Flouting the Access to Information Act
The Shadow Report is a regular measure of actual transparency, mostly on the part of public bodies, by the Promotion of Access to Information Act (Paia) Civil Society Network, a group of seven organisations that centralise their requests in terms of Paia. 

In terms of Paia, government organisations are obliged to provide information, on request, to anyone who asks for it, except in special circumstances, such as when third parties are affected.

Paia is 14 years old, very clear in its implications, subordinate to no other law or rule, and has been extensively tested in the courts. Yet government departments still routinely flout it, with the department of justice and correctional services – technically the keeper of Paia – as one of the worst offenders.

In the 2013/ 2014 year, the Shadow Report found, the Paia network submitted 237 completed requests for information to public bodies. A quarter of those requests were simply ignored, despite a legal obligation to respond to every Paia request.

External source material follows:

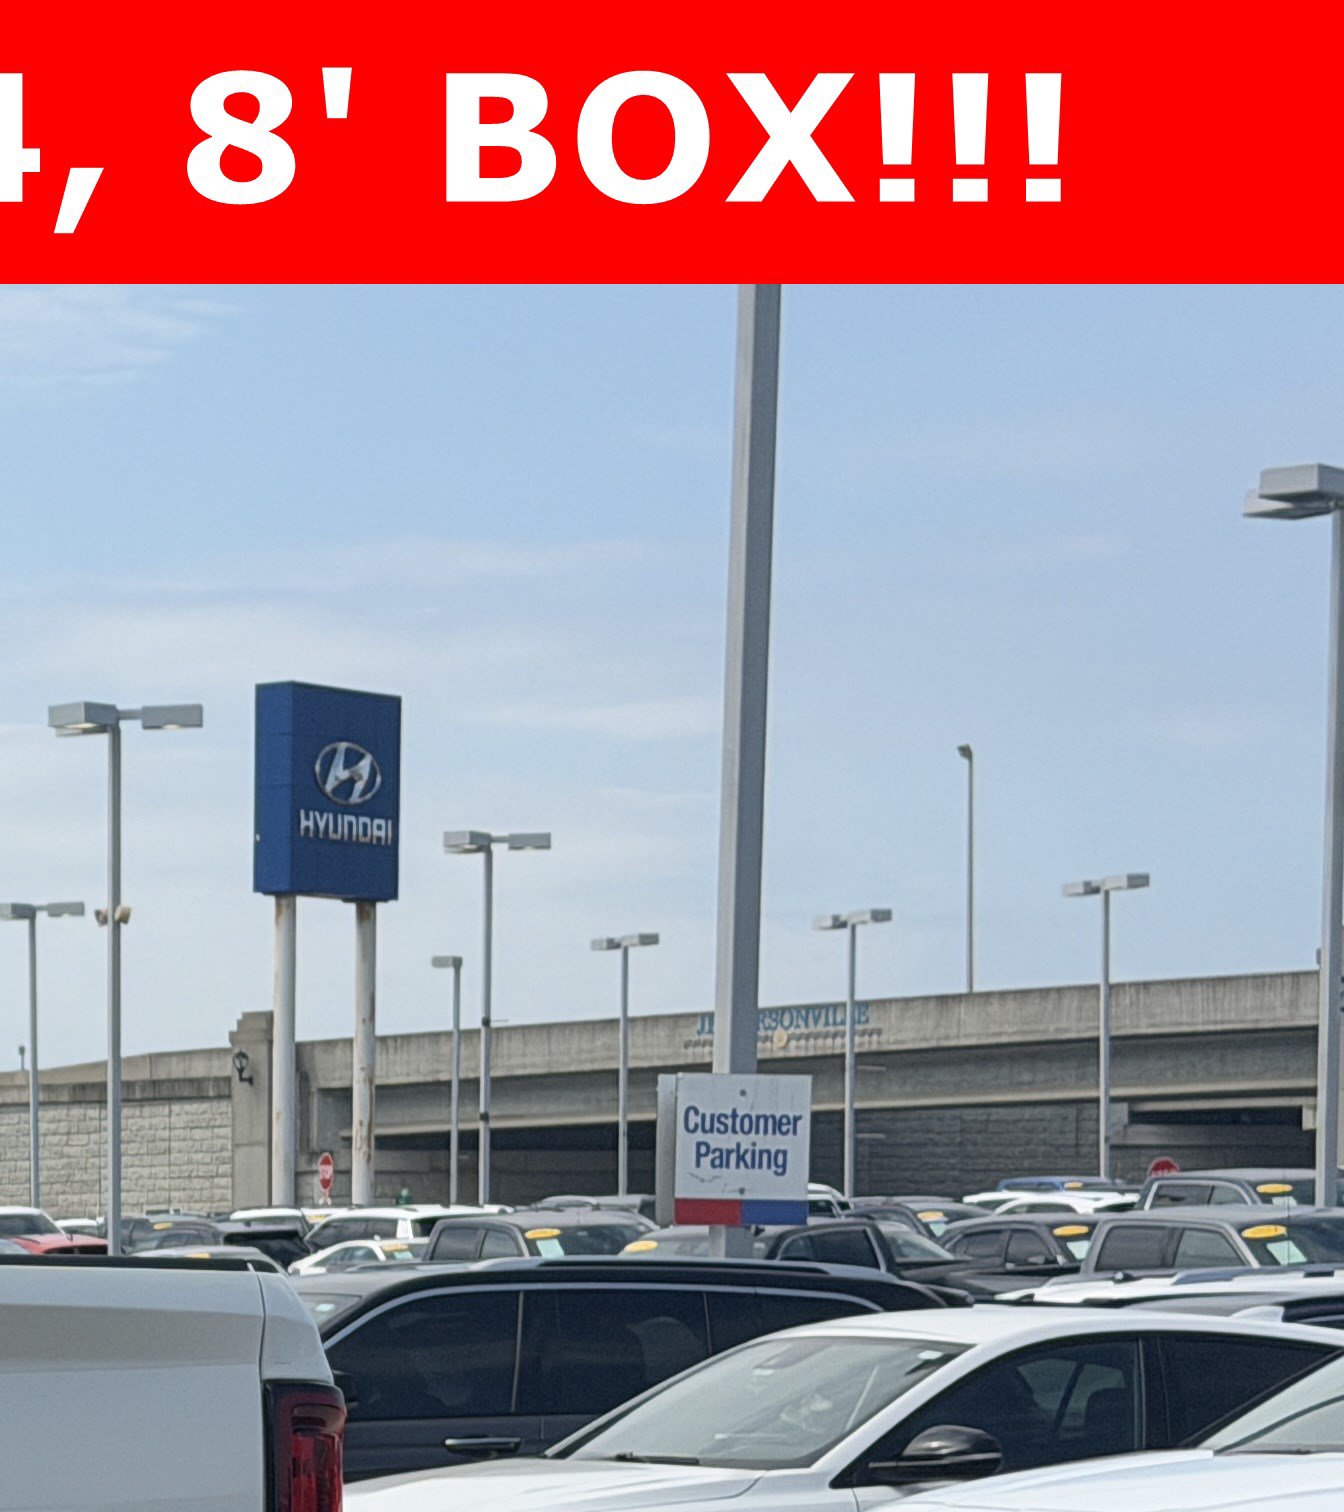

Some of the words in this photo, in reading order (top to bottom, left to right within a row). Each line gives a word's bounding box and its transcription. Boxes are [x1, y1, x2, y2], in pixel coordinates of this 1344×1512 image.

[299, 808, 392, 846] HYUNDAI
[683, 1105, 803, 1136] Customer
[694, 1141, 788, 1176] Parking

Another 30% of the requests were denied, most often without any clear or reasonable reason given, and without meeting the obligation to inform the requester that it was possible to appeal the denial.

In most cases, government departments claimed they did not have or could not find the information requested – but failed to say so under oath, and under threat of perjury. And sometimes they cited imaginary law as justification for refusal.

“By way of example, the deputy information officer at the department of justice and correctional services (formerly the department of justice and constitutional development) has on more than one occasion, referred to a section that simply does not exist in Paia when refusing access to records,” the report finds.

Ignoring the rules
The justice department refused every single Paia request the group sent it over the one-year period, and also ignored or denied every internal appeal lodged on such refusals. That is not counting long-running matters, such as an anonymised version of the Truth and Reconciliation Commission’s database of apartheid victims that Saha has demanded since 2006.

“This lack of openness, as it relates to records of apartheid violations that the TRC was tasked with uncovering, points to an unacceptable conflation of pre- and post-apartheid realities in the treatment of state records and arguably amounts to a continuation of the old frame,” the report laments.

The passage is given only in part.